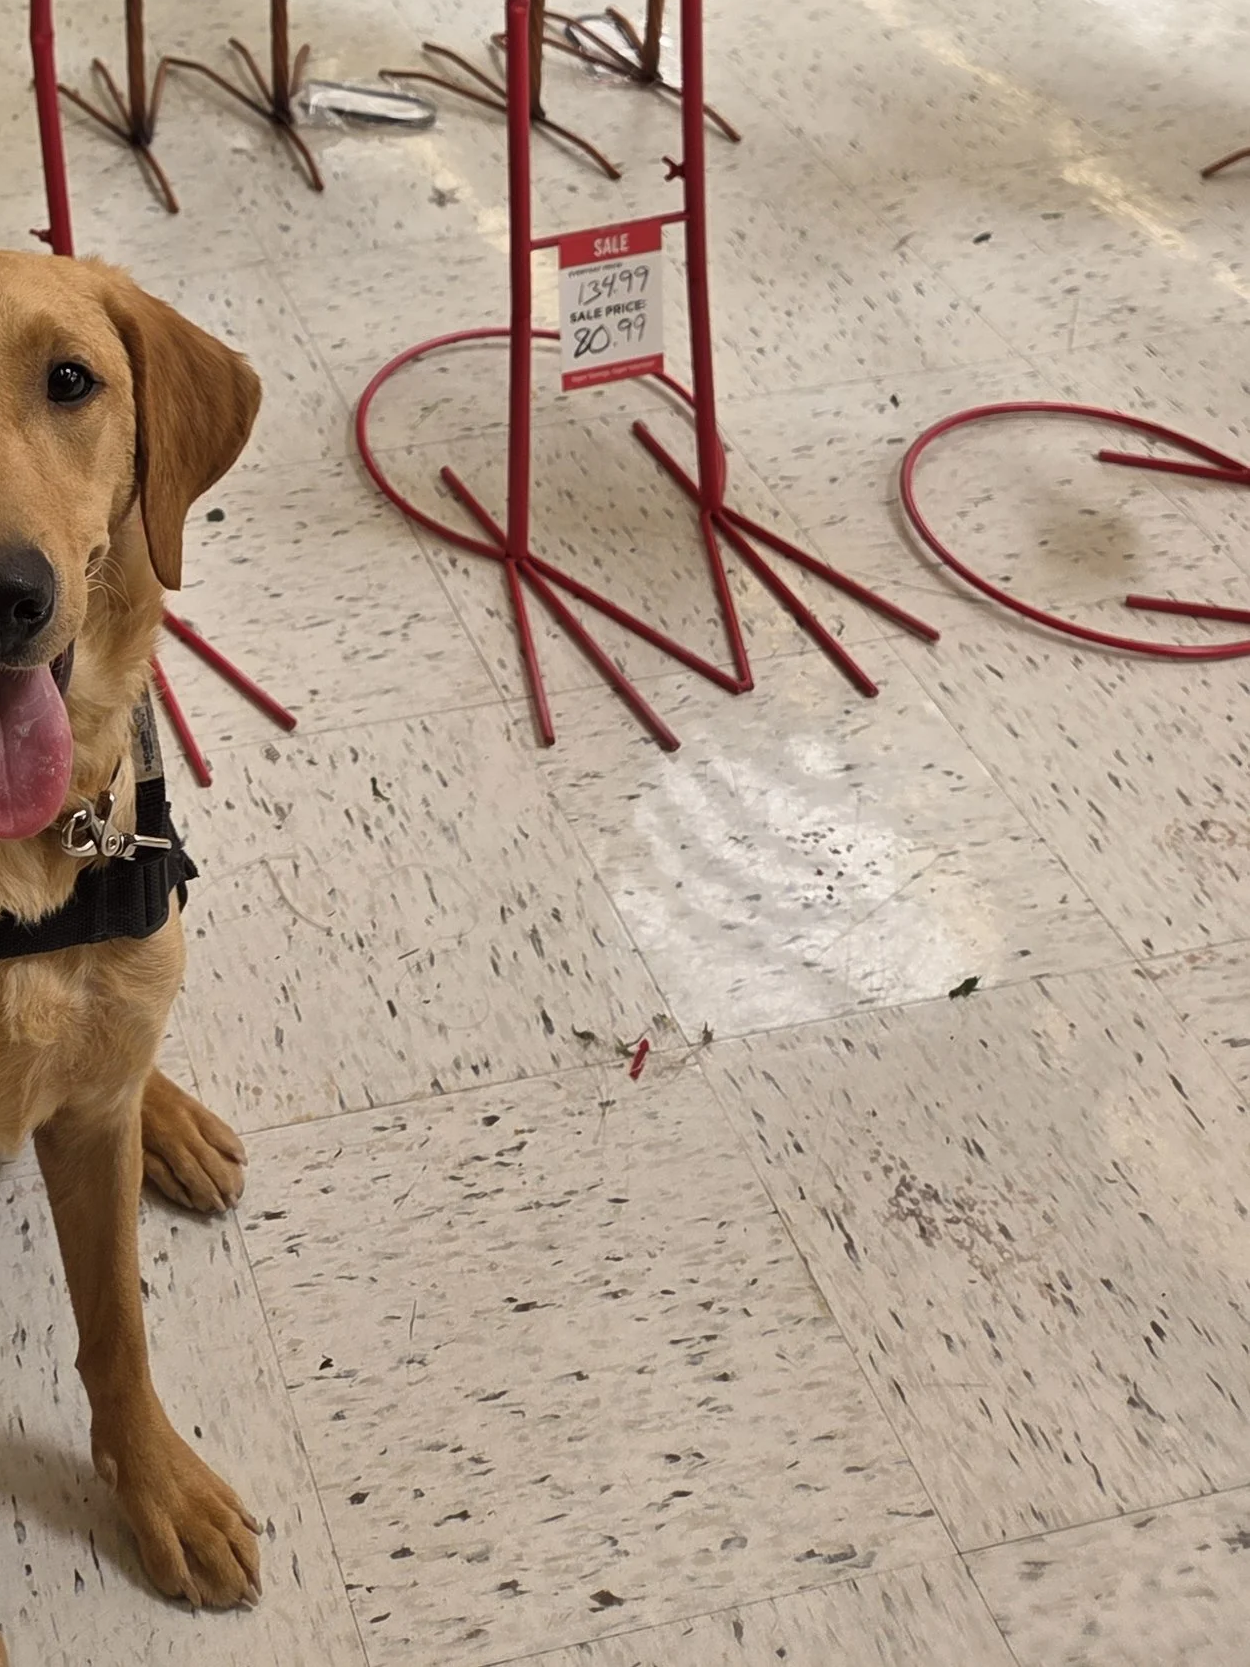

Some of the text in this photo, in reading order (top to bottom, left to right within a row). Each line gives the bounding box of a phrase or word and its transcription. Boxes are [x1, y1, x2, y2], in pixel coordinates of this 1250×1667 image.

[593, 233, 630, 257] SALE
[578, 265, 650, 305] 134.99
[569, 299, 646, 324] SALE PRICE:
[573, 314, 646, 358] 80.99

**WHAT THE TASK ASKS:** Without carrying over any picture, retype the records above word for word.

**RESPONSE AREA:**
Some of the text in this photo, in reading order (top to bottom, left to right within a row). Each line gives the bounding box of a phrase or word and its transcription. Boxes are [x1, y1, x2, y2], in pixel coordinates of this 1250×1667 image.

[593, 233, 630, 257] SALE
[578, 265, 650, 305] 134.99
[569, 299, 646, 324] SALE PRICE:
[573, 314, 646, 358] 80.99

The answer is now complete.